Os mestres de sabedoria antiga, os das artes da expressão, também falam das três portas que devemos cuidar, para melhor expressão do fogo interior, o espírito da dança. Abrimos três portas de contato quando dançamos: A porta do corpo - a oca (a casa) da alma, tecida pelas forças da natureza, como a árvore da vida, que hospeda boas e más energias. Percebam o desafio de ser passagem, bem como, o poder de transformação que a arte é capaz de gerir e executar.

Assim a cada dança, cada canção, cada poesia, cada pintura, adereço, ritmo, espaço, contextos executados em comunhão da obra com o observador, já não seremos mais os mesmos, nem dançarino nem expectador, porque ali, quando a arte acontece, ambos mudam de ponto, aqui caberia um conto a parte, contudo, o momento estará registrado no logos da criação. A porta da fala, sendo a passagem melódica do som do corpo, no corpo, do cosmos de dentro ou de fora, ou mesmo as palavras cantadas ou dramatizada gerarão a energia condutora do mover; o som inaudível que derruba muralhas; o som que também integra e expande luz. O som criador/criado.

No som do corpo, está presente o poder criado e criador, e por isso, se faz necessário conhecer e educar esta faculdade para melhor dispô-la na roda da vida.

E por fim, a porta da mente, que nos levará de um hemisfério a outro do cérebro, podendo criar subterfúgios para impedir os caminhos pouco percorridos, ainda desconhecidos da dança da vida. O lado direito e suas subjetividades, bem exploradas pelas artes essenciais. Portanto, não é devido limitar a dança, somente às técnicas específicas ou a corpos perfeitos, até porque, a perfeição por inteiro ainda estará por vir.
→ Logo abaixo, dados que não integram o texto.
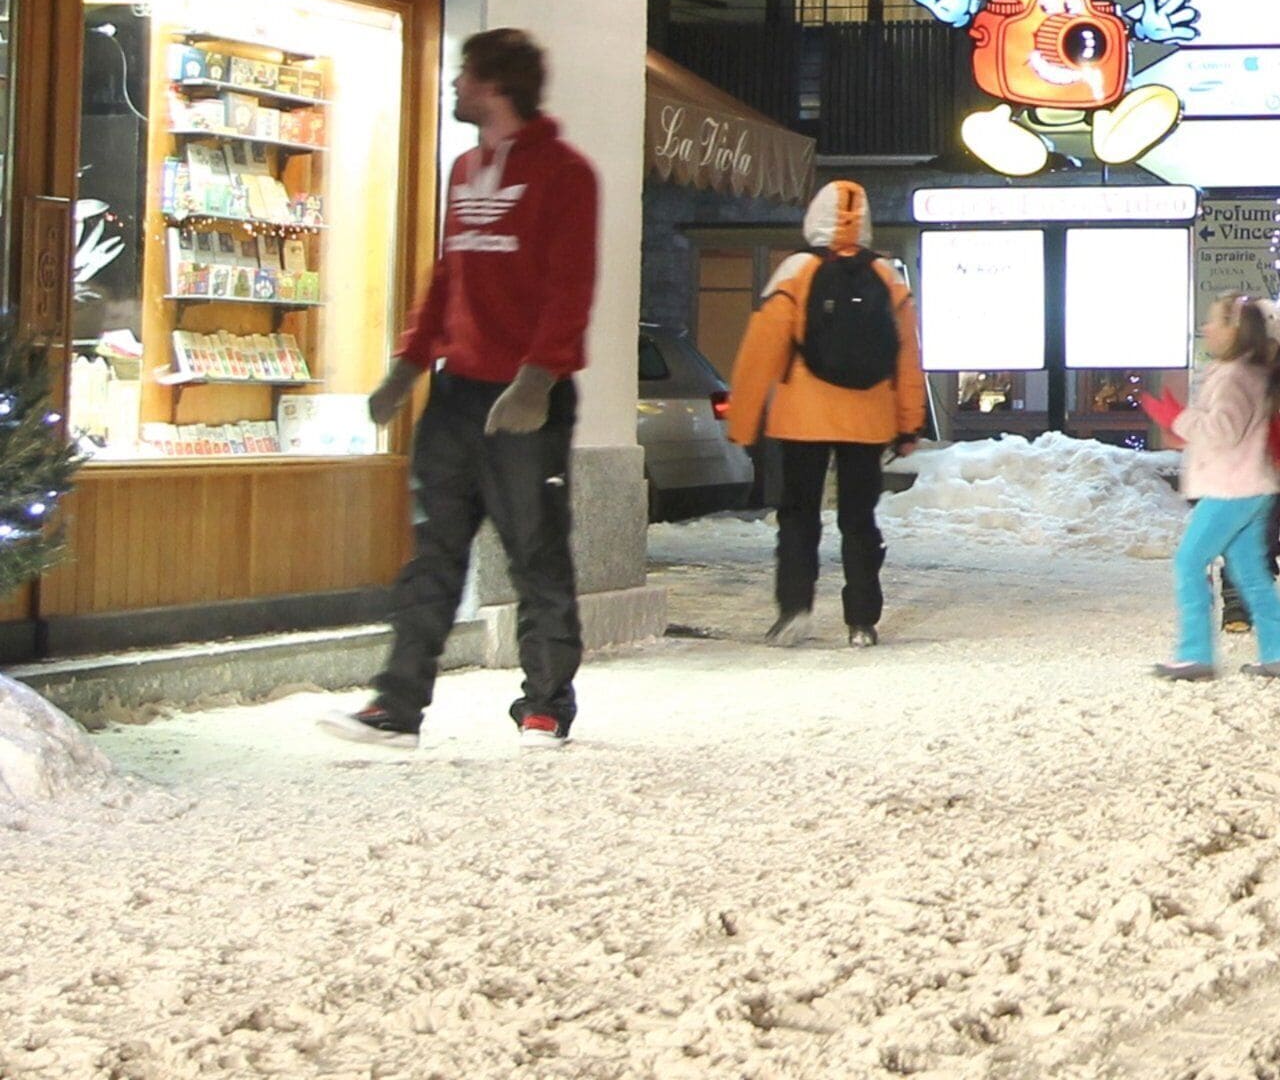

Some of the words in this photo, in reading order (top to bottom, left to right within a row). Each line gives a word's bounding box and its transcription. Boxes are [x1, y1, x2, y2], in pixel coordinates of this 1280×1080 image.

[655, 104, 693, 162] La
[699, 116, 753, 176] Viola
[1200, 250, 1212, 262] la
[1216, 251, 1257, 264] prairie
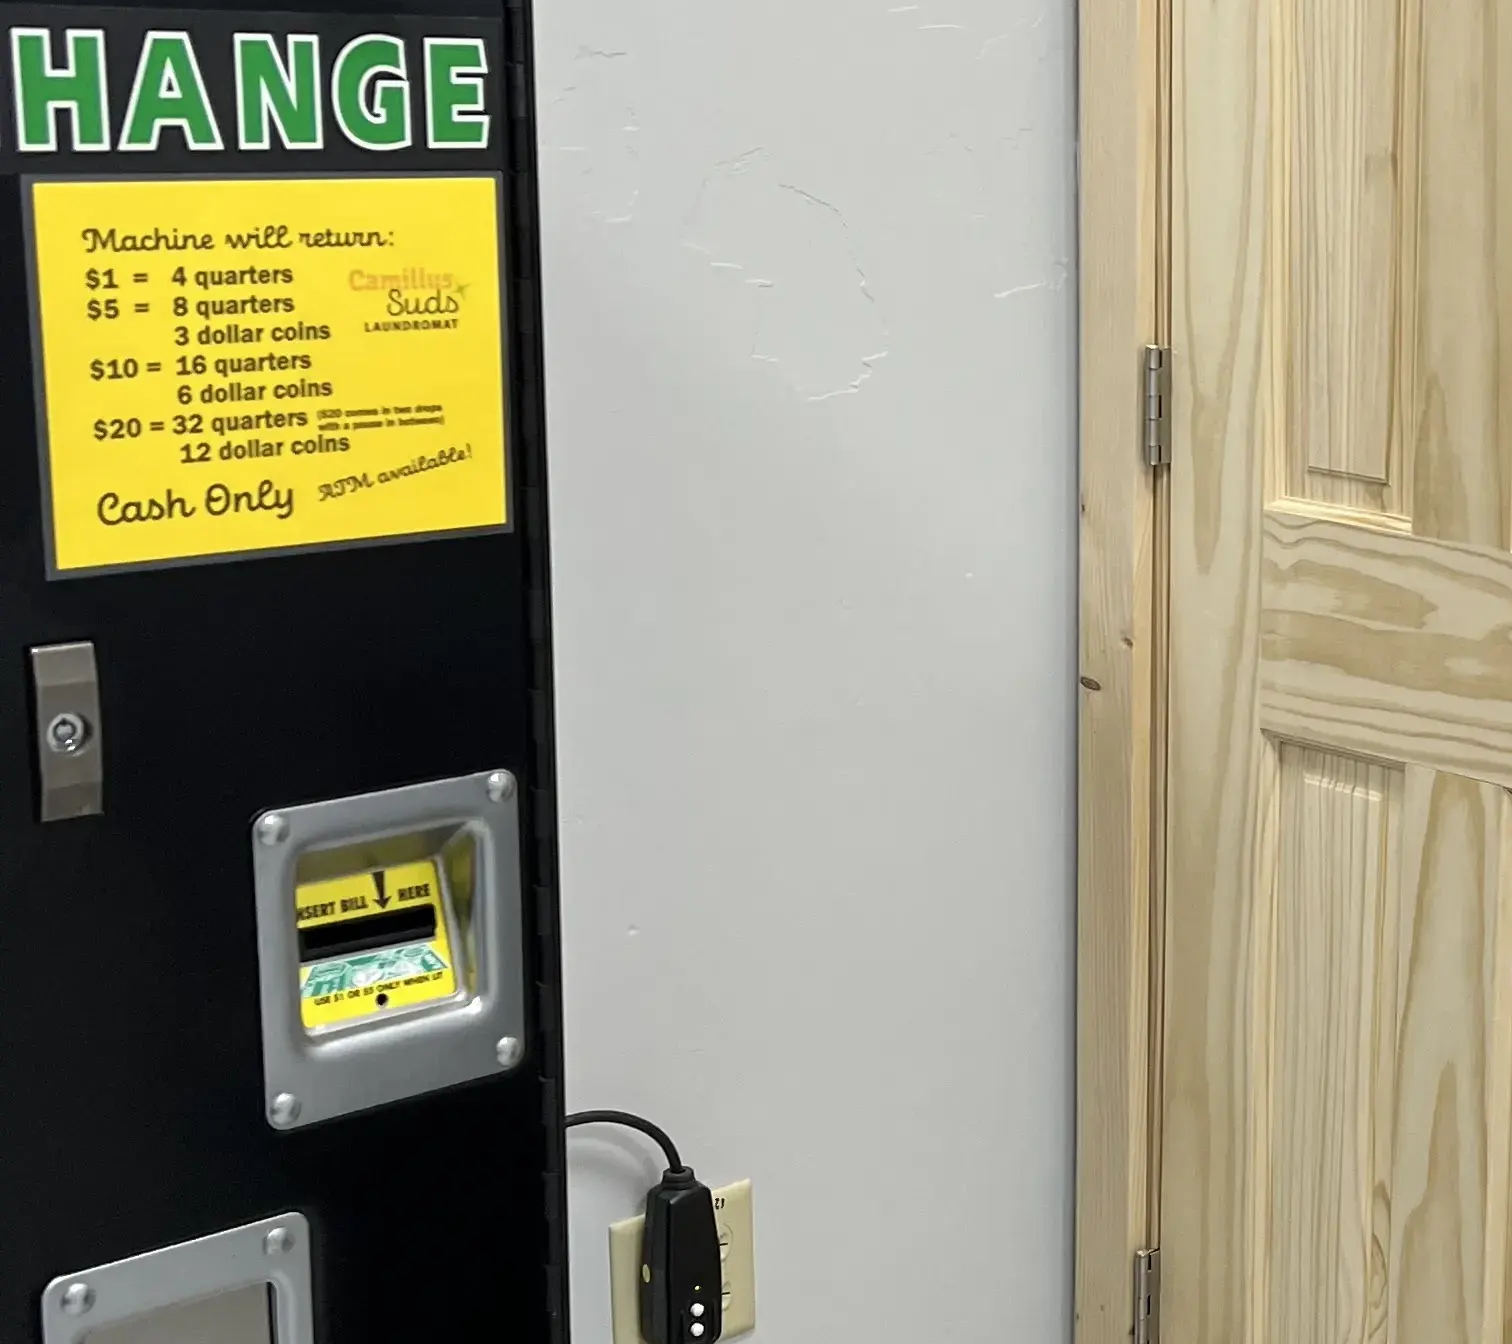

A função da dança está intrínseca na corporeidade. Ela é guia do mover, de integrar e articular em seus próprios corpos, os acessos antes despercebidos, por meio do fazer, da apreciação a arte, na sua genuína grandeza, e da sabedoria oculta que lhe acompanha, possibilitando assim, a expressão dos sentimentos e emoções, por meio das ações corporais movidas pelas histórias daqueles corpos, contextos, músicas, espaços. Na verdade, trata-se de reconhece-la não, pelo seu aspecto físico, mas sim pela sua essência vibratória que manifesta com gestos, sons e intentos, a dança que se expressa através do sentimento e das suas respectivas ações.